Free-text object descriptions:
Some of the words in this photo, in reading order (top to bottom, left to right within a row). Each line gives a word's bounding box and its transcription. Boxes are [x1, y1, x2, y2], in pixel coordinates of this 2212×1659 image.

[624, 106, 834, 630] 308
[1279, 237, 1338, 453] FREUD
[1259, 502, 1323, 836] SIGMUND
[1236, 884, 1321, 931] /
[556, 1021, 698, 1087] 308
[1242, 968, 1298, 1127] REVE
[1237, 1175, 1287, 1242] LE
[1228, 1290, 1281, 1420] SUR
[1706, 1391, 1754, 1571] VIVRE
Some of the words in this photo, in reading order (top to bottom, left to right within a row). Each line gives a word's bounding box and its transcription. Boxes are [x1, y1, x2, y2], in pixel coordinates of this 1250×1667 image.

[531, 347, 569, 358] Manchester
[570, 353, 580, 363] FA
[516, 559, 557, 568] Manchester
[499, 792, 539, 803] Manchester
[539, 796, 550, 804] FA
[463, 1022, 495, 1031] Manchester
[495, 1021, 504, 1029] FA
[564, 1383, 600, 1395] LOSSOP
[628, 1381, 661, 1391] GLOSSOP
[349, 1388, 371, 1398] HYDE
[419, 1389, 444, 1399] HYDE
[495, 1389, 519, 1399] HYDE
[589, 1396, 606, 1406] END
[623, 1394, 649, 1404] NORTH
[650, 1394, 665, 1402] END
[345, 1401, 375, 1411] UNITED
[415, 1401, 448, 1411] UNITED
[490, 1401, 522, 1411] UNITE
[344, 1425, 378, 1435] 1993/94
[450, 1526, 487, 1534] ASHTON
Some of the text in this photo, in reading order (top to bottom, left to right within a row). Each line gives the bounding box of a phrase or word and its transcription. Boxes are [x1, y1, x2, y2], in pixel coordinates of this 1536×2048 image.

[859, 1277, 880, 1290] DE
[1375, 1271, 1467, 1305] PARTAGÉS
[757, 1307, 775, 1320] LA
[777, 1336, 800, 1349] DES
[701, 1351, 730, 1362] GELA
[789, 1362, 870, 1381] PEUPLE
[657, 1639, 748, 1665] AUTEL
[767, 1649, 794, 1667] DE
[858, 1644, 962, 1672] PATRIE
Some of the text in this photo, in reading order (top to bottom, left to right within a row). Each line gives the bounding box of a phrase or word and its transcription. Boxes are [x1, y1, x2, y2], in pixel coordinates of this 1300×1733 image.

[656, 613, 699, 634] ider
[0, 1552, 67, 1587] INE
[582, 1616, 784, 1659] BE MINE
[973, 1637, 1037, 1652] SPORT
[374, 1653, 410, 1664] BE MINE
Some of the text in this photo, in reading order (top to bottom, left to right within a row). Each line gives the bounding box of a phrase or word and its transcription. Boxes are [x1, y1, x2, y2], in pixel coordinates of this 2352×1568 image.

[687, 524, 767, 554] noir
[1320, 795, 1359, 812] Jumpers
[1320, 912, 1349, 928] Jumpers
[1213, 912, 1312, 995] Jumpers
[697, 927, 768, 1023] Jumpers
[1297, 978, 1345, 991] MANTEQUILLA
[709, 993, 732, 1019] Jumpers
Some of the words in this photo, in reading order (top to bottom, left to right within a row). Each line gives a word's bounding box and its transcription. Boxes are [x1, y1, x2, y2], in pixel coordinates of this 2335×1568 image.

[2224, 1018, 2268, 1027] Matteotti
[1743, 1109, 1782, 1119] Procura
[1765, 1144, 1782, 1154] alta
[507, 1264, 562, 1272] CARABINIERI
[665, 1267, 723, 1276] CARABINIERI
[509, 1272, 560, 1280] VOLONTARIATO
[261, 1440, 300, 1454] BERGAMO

**Exercise details:**
Please quote the data above in full, with no line missing.

**Answer to this problem:**
Some of the words in this photo, in reading order (top to bottom, left to right within a row). Each line gives a word's bounding box and its transcription. Boxes are [x1, y1, x2, y2], in pixel coordinates of this 2212×1659 image.

[624, 106, 834, 630] 308
[1279, 237, 1338, 453] FREUD
[1259, 502, 1323, 836] SIGMUND
[1236, 884, 1321, 931] /
[556, 1021, 698, 1087] 308
[1242, 968, 1298, 1127] REVE
[1237, 1175, 1287, 1242] LE
[1228, 1290, 1281, 1420] SUR
[1706, 1391, 1754, 1571] VIVRE
Some of the words in this photo, in reading order (top to bottom, left to right within a row). Each line gives a word's bounding box and its transcription. Boxes are [x1, y1, x2, y2], in pixel coordinates of this 1250×1667 image.

[531, 347, 569, 358] Manchester
[570, 353, 580, 363] FA
[516, 559, 557, 568] Manchester
[499, 792, 539, 803] Manchester
[539, 796, 550, 804] FA
[463, 1022, 495, 1031] Manchester
[495, 1021, 504, 1029] FA
[564, 1383, 600, 1395] LOSSOP
[628, 1381, 661, 1391] GLOSSOP
[349, 1388, 371, 1398] HYDE
[419, 1389, 444, 1399] HYDE
[495, 1389, 519, 1399] HYDE
[589, 1396, 606, 1406] END
[623, 1394, 649, 1404] NORTH
[650, 1394, 665, 1402] END
[345, 1401, 375, 1411] UNITED
[415, 1401, 448, 1411] UNITED
[490, 1401, 522, 1411] UNITE
[344, 1425, 378, 1435] 1993/94
[450, 1526, 487, 1534] ASHTON
Some of the text in this photo, in reading order (top to bottom, left to right within a row). Each line gives the bounding box of a phrase or word and its transcription. Boxes are [x1, y1, x2, y2], in pixel coordinates of this 1536×2048 image.

[859, 1277, 880, 1290] DE
[1375, 1271, 1467, 1305] PARTAGÉS
[757, 1307, 775, 1320] LA
[777, 1336, 800, 1349] DES
[701, 1351, 730, 1362] GELA
[789, 1362, 870, 1381] PEUPLE
[657, 1639, 748, 1665] AUTEL
[767, 1649, 794, 1667] DE
[858, 1644, 962, 1672] PATRIE
Some of the text in this photo, in reading order (top to bottom, left to right within a row). Each line gives the bounding box of a phrase or word and its transcription. Boxes are [x1, y1, x2, y2], in pixel coordinates of this 1300×1733 image.

[656, 613, 699, 634] ider
[0, 1552, 67, 1587] INE
[582, 1616, 784, 1659] BE MINE
[973, 1637, 1037, 1652] SPORT
[374, 1653, 410, 1664] BE MINE
Some of the text in this photo, in reading order (top to bottom, left to right within a row). Each line gives the bounding box of a phrase or word and its transcription. Boxes are [x1, y1, x2, y2], in pixel coordinates of this 2352×1568 image.

[687, 524, 767, 554] noir
[1320, 795, 1359, 812] Jumpers
[1320, 912, 1349, 928] Jumpers
[1213, 912, 1312, 995] Jumpers
[697, 927, 768, 1023] Jumpers
[1297, 978, 1345, 991] MANTEQUILLA
[709, 993, 732, 1019] Jumpers
Some of the words in this photo, in reading order (top to bottom, left to right within a row). Each line gives a word's bounding box and its transcription. Boxes are [x1, y1, x2, y2], in pixel coordinates of this 2335×1568 image.

[2224, 1018, 2268, 1027] Matteotti
[1743, 1109, 1782, 1119] Procura
[1765, 1144, 1782, 1154] alta
[507, 1264, 562, 1272] CARABINIERI
[665, 1267, 723, 1276] CARABINIERI
[509, 1272, 560, 1280] VOLONTARIATO
[261, 1440, 300, 1454] BERGAMO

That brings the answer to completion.